Two Youngstown hospitals among best in state


By Jamison Cocklin

jcocklin@vindy.com

YOUNGSTOWN

U.S. News & World Report has ranked both St. Elizabeth Health Center and St. Elizabeth Boardman Health Center among Ohio’s best hospitals, giving both high marks in several specialties.

Akron Children’s Hospital, which has a 32-bed inpatient campus and emergency room in Boardman, was nationally ranked in seven pediatric specialties, cancer, diabetes, orthopedics, urology, pulmonology, neurology and nephrology.

The hospital was one of 87 facilities nationwide that made the rankings in at least one of the 10 specialties analyzed for the 2013-2014 Best Children’s Hospitals rankings.

St. Elizabeth Health Center in Youngstown is ranked No. 24 in Ohio. The hospital is listed as high-performing in five specialties: geriatrics, gynecology, nephrology, pulmonology and urology.

St. Elizabeth Boardman Health Center is ranked No. 30 in the state and is recognized as high-performing in pulmonology.

Published annually as a part of its “Best” series of consumer guides that include rankings of colleges, graduate schools and cars and trucks, the latest “Best Hospitals” list pulled data from 4,806 hospitals nationwide by examining each location’s performance across 16 specialties.
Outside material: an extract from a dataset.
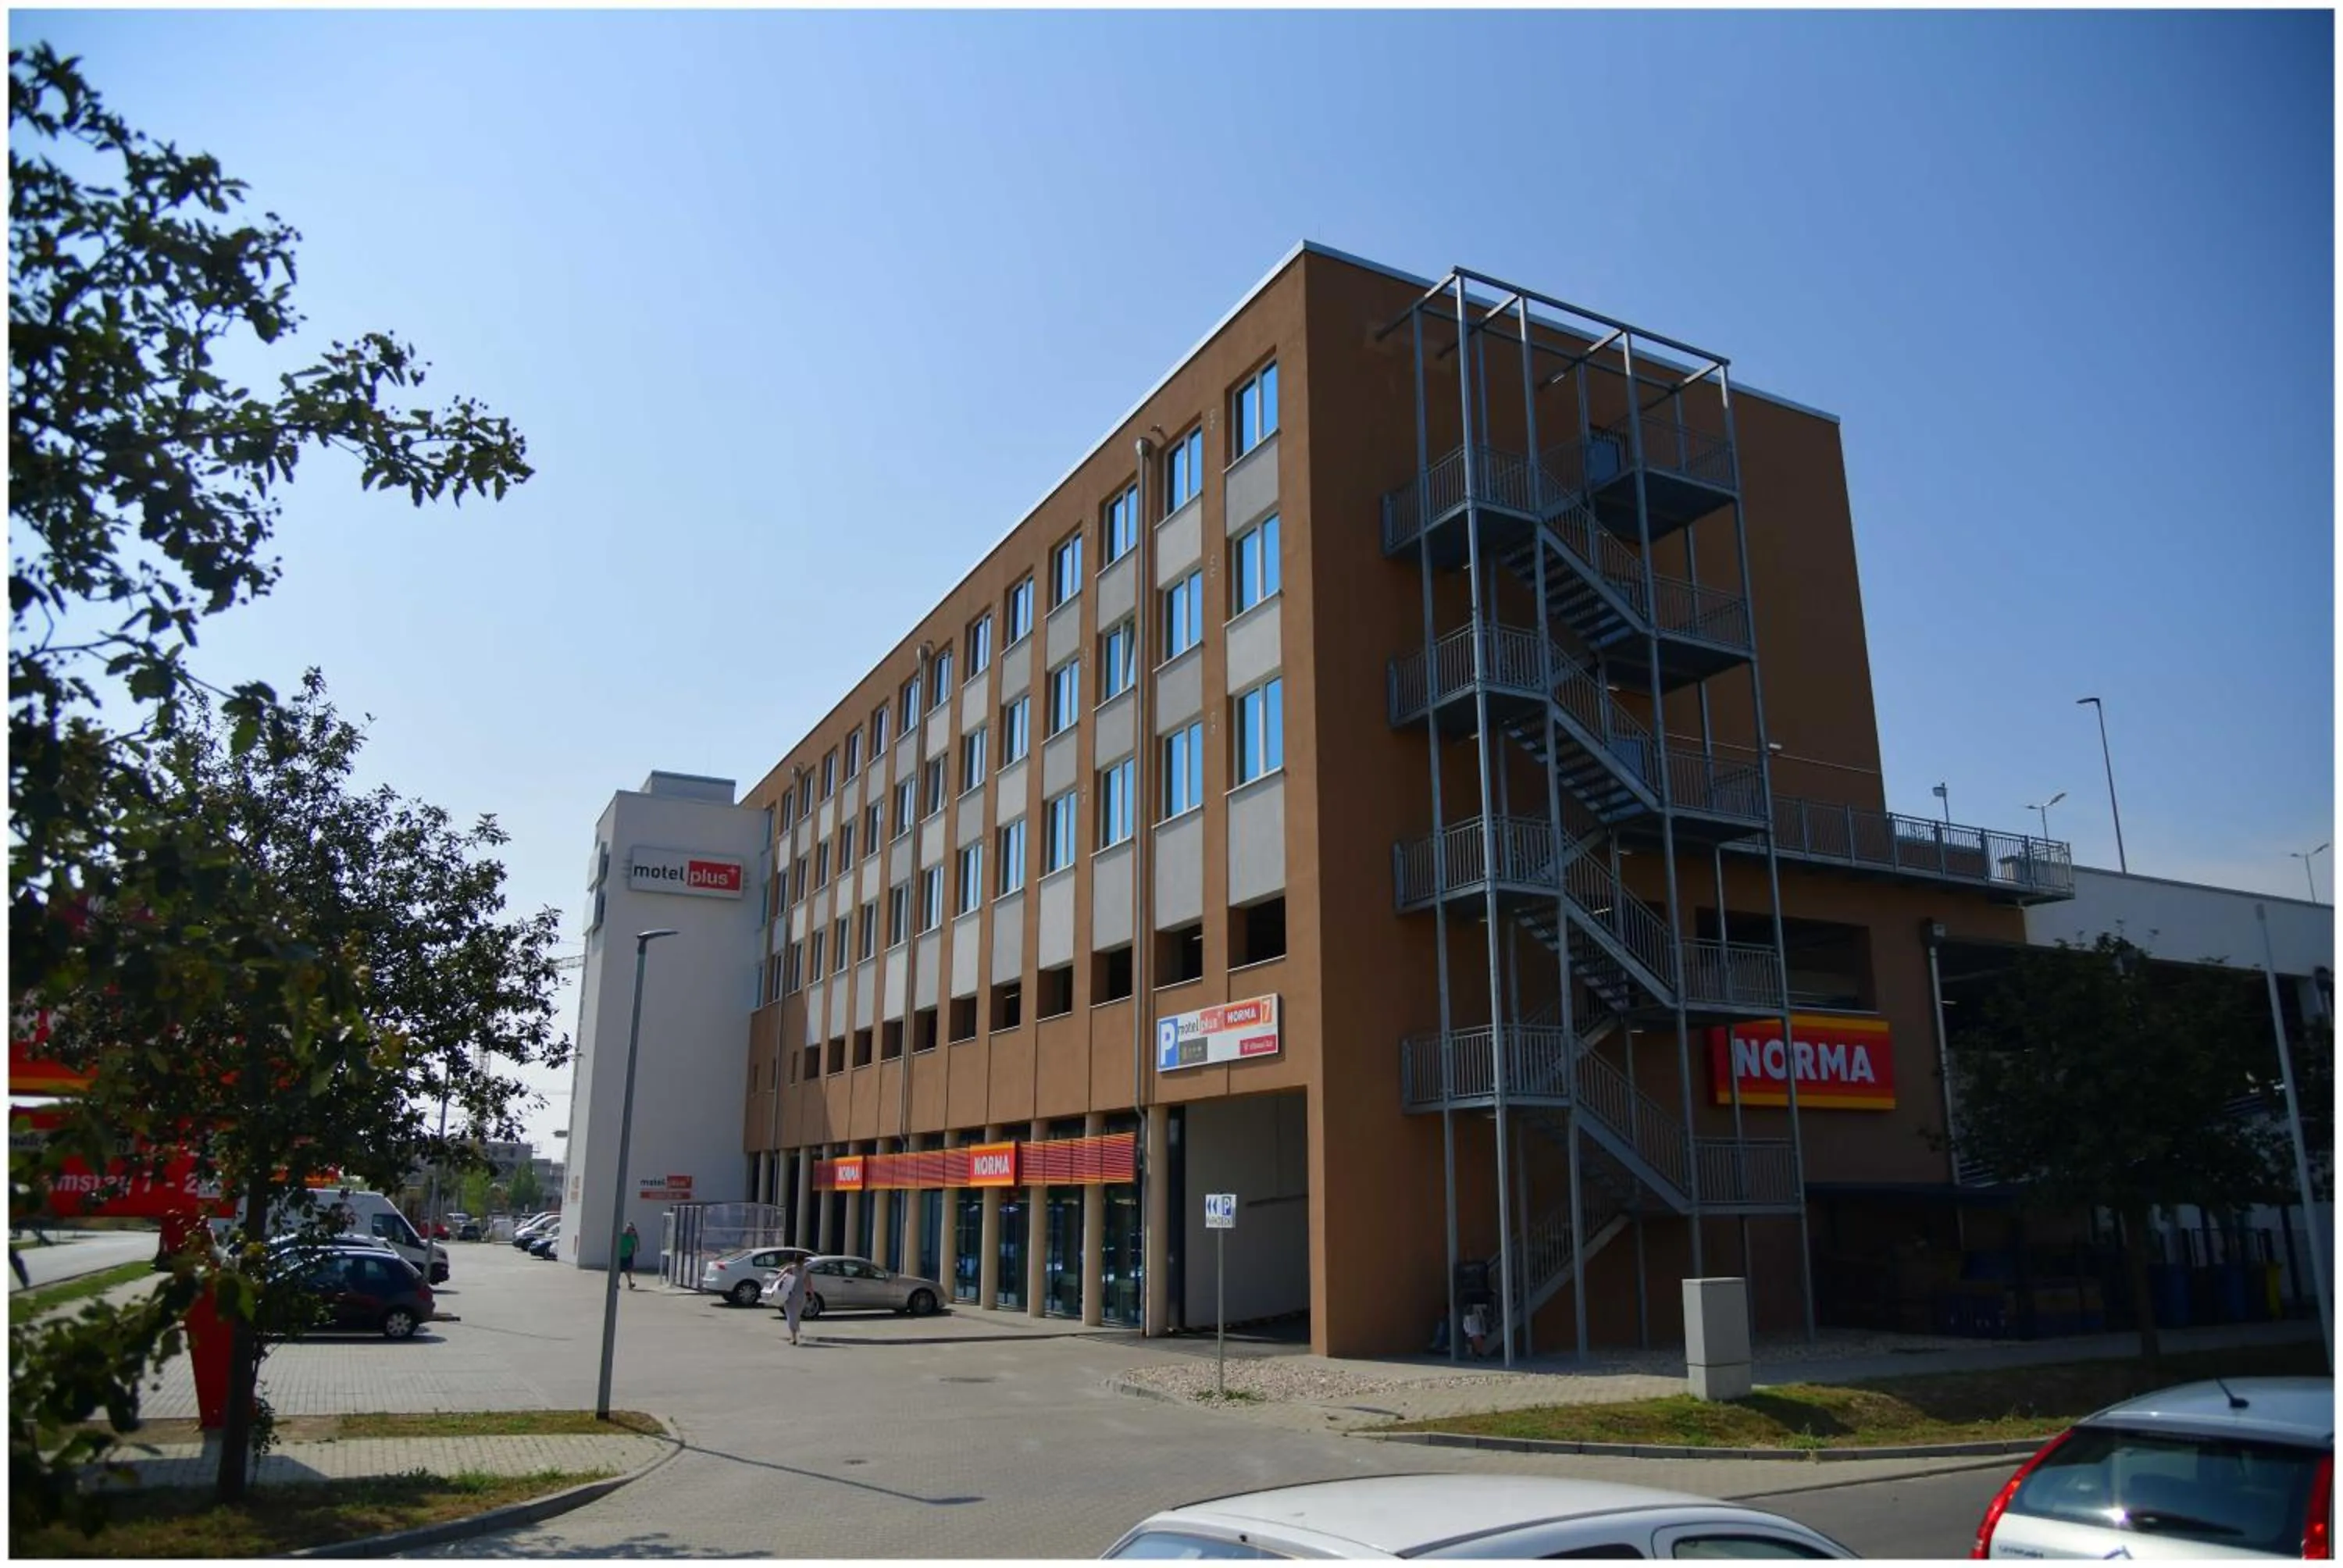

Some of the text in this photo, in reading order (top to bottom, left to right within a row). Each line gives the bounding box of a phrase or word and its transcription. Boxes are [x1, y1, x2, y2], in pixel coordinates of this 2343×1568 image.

Within them, patient survival and safety data, the adequacy of nurse staffing levels and other objective data largely determined the rankings.

In most specialties, U.S. News ranks the nation’s top 50 hospitals and recognizes other high-performing hospitals that provide care at nearly the level of their nationally ranked peers.

Shawn Lyden, executive vice president of Akron Children’s Hospital, said its places among this year’s rankings are some of its best ever. The hospital ranked in the top 30 in four specialties, and its department of orthopedics was ranked 22nd. He said it helps the hospital’s national credibility.

“We’ve always, at Akron Children’s Hospital, prided ourselves on the services we provide,” Lyden said. “But we’ve never been too fixated on things like rankings. This is just our national reputation catching up with what we have always thought was great substance.”

Across all 16 specialties, only 147 U.S. hospitals performed well enough to be nationally ranked in one or more. An additional 591 were regional high performers.

“We are especially proud of this recognition,” said Robert Shroder, president and CEO of Humility of Mary Health Partners, which owns and operates both St. Elizabeth locations. “It independently verifies that our hospitals provide a high level of care, eliminating the need for area residents to travel out of town to receive quality care. I have to give credit to our doctors, nurses, support staff and board members for concentrating on quality outcomes for our patients.”

St. Joseph Health Center in Warren, another Humility of Mary Health Partners hospital that was ranked No. 27 in Ohio last year, did not appear in the rankings this year.

The rankings are intended to help consumers find the best inpatient-care facilities in the country, but the publication encourages its readers to conduct their own research and acknowledges that some hospitals better suited for local treatment are not always included on the list.

Karyn Frederick, executive director of the Mahoning County Medical Society, which represents nearly 500 practicing, retired and resident physicians in Mahoning County, said it’s great that local hospitals are included on the list, but she said just because some are not included does not mean they are inadequate, adding that the methodology of the study is like comparing “apples to oranges” in some cases.

Johns Hopkins Hospital in Baltimore, Md., is the nation’s top-ranked hospital, according to U.S. News. Massachusetts General Hospital in Boston is second this year, and the Mayo Clinic in Rochester, Minn., is ranked third. Ohio’s top hospital was the Cleveland Clinic, ranked nationally in 14 specialties.

“A hospital that emerges from our analysis as one of the best has much to be proud of,” said Avery Comarow, U.S. News health rankings editor. “Only about 15 percent of hospitals are recognized for their high performance as among their region’s best. Just 3 percent of all hospitals earn a national ranking in any specialty.”